This is why I hate, and that is not too strong a word, those bow-tied, broomstick-impaled character actors David Brooks and George Will. The live to serve at others' whim. It's not about logic but desire and shame; a shame they feel at their own corruption and that they think we should feel about our own. But since we refuse, we not they are the hypocrites. That was the point of David Brock's previous existence, though it's not polite to admit it. It's the theme song of the right wing sodomites brigade going way back to the beginning of the beginning. You think it started with T.S. Eliot?

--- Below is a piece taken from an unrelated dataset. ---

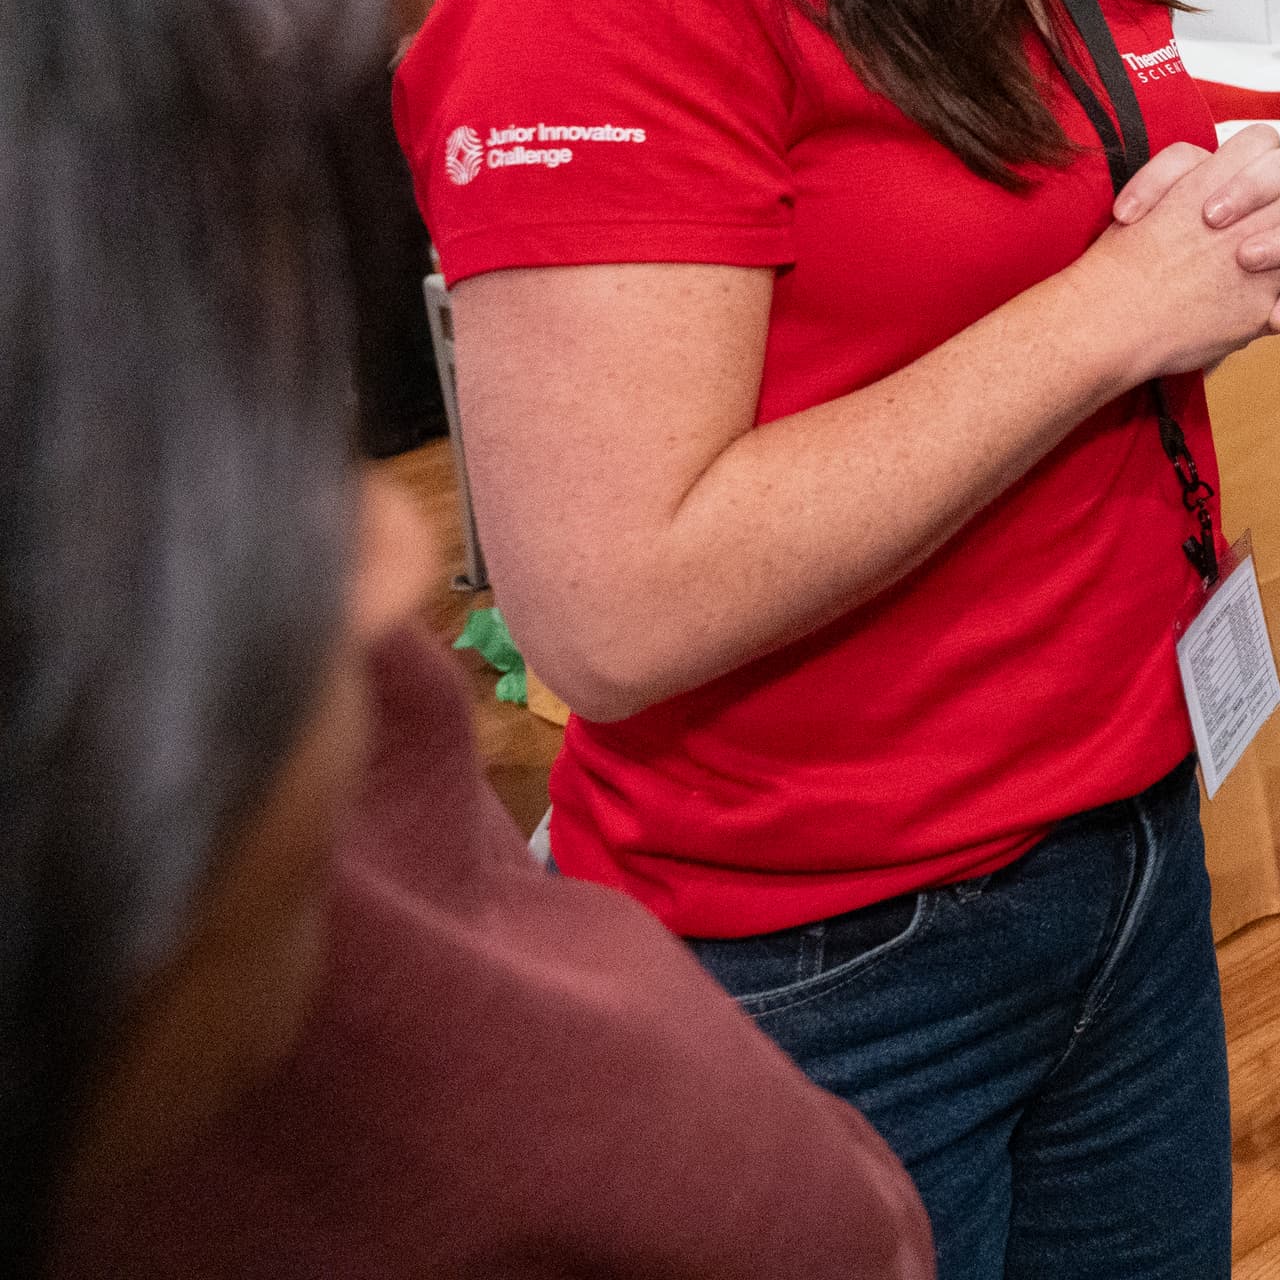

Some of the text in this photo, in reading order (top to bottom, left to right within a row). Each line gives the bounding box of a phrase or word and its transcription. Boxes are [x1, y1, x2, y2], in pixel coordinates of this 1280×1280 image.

And liberals just feel guilty about having servants, so they try to pretend they don't exist.

I've said this before: A conservative pays for the fuck and walks out the door. The liberal's the one who hands you the money while suggesting, with a look of concern on his face, that maybe you should find a better job.
In an unfair world, who gets the hookers' vote?
Reading around the usual range of technocratic liberal blogs since the election, I despair of coming upon much of value. No fucking sense whatsoever that there are contradictions that can not be overcome by strategy alone.

The middle class represents its own interests. Rich coastal liberals make their money the same way rich republicans do; Manhattan isn't a den full of communist sympathizers, it's the home of people whose cleaning ladies live train-rides away in the outer boroughs, of well heeled servants of the truly powerful and their attendants. I'm as sick of earnest liberals as I am of Brad DeLong's bullshit literary tastes. Same delusion.

Nobody lives their ideas, they live their sensibility; and when there's a conflict, tell me which one wins?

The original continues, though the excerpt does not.